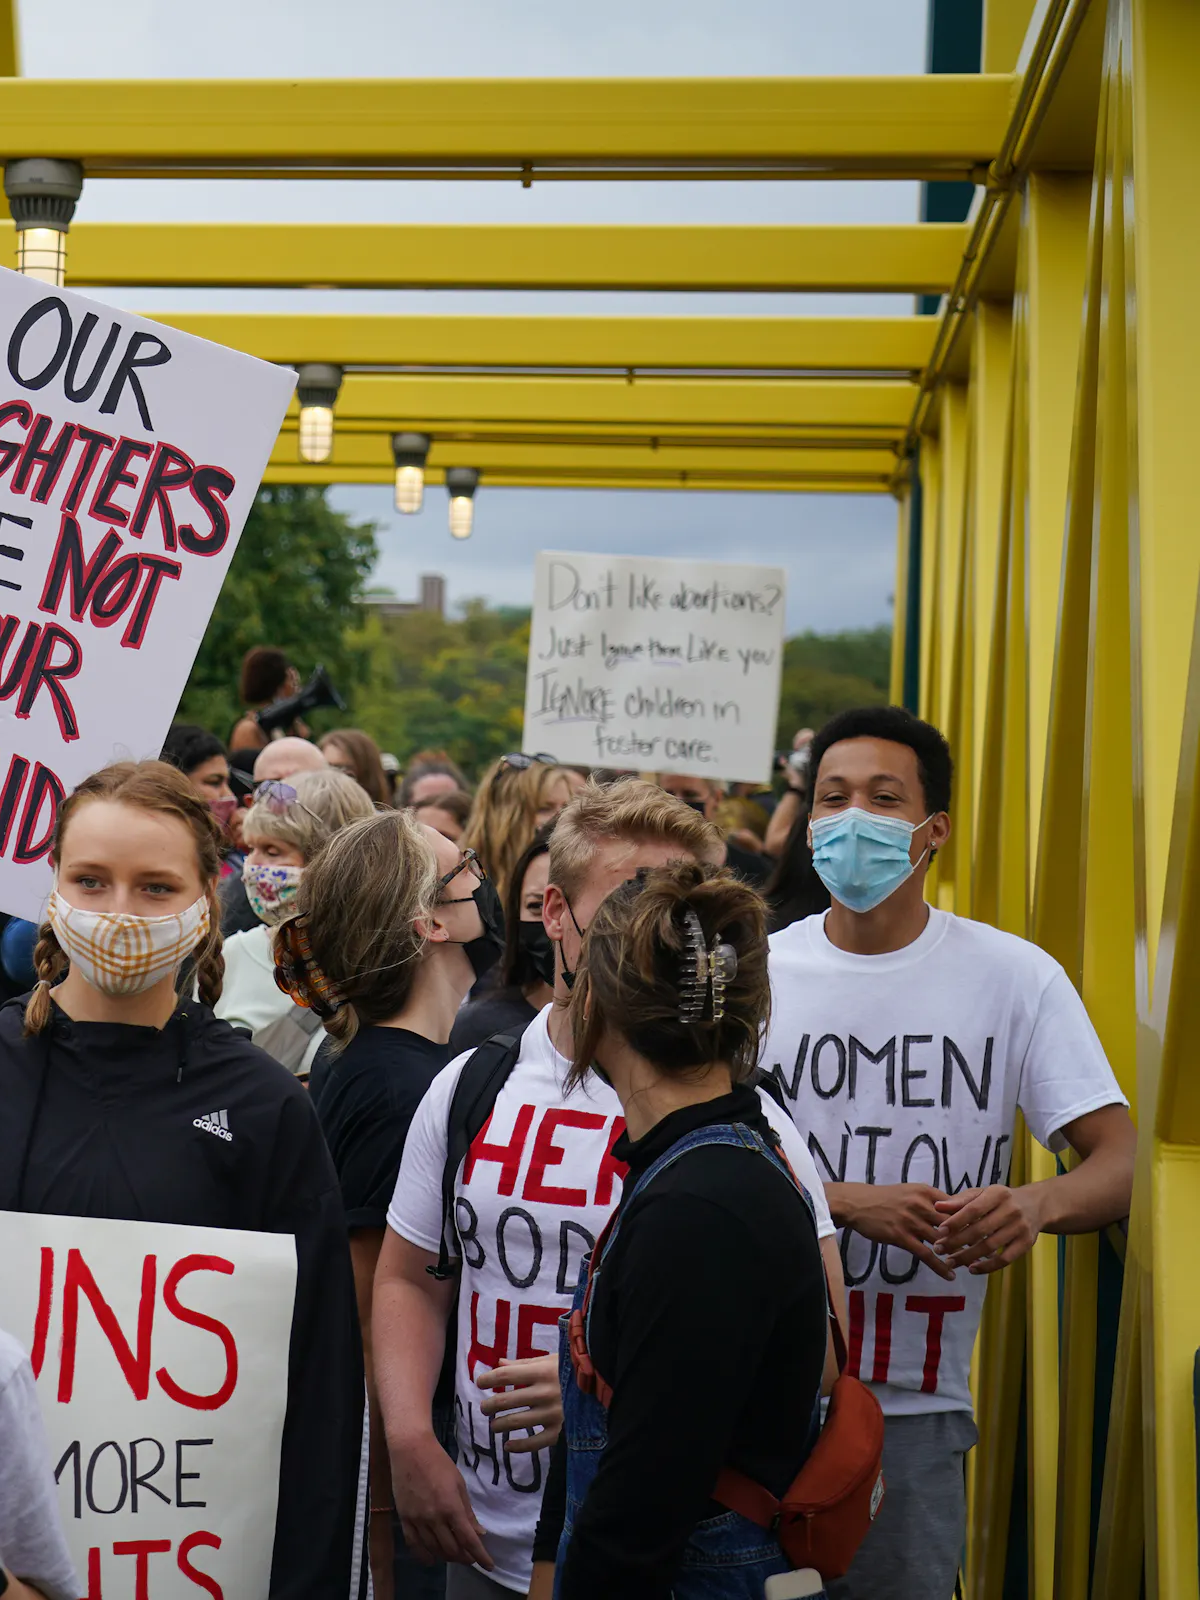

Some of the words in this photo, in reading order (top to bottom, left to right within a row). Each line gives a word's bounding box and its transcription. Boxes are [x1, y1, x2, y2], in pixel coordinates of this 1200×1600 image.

[7, 295, 172, 431] OUR
[37, 511, 182, 650] NOT
[547, 560, 618, 612] Don't
[628, 571, 663, 612] like
[669, 579, 782, 617] abortions?
[537, 625, 594, 661] Just
[737, 646, 775, 675] you
[624, 684, 704, 719] children
[712, 690, 741, 725] in
[593, 727, 661, 759] foster
[192, 1118, 233, 1142] adidas

• _Your task_
The listing above is to be retyped word for word, with the pictures omitted.

• _Task solution_
Some of the words in this photo, in reading order (top to bottom, left to right within a row). Each line gives a word's bounding box and its transcription. Boxes are [x1, y1, x2, y2], in pixel coordinates of this 1200×1600 image.

[7, 295, 172, 431] OUR
[37, 511, 182, 650] NOT
[547, 560, 618, 612] Don't
[628, 571, 663, 612] like
[669, 579, 782, 617] abortions?
[537, 625, 594, 661] Just
[737, 646, 775, 675] you
[624, 684, 704, 719] children
[712, 690, 741, 725] in
[593, 727, 661, 759] foster
[192, 1118, 233, 1142] adidas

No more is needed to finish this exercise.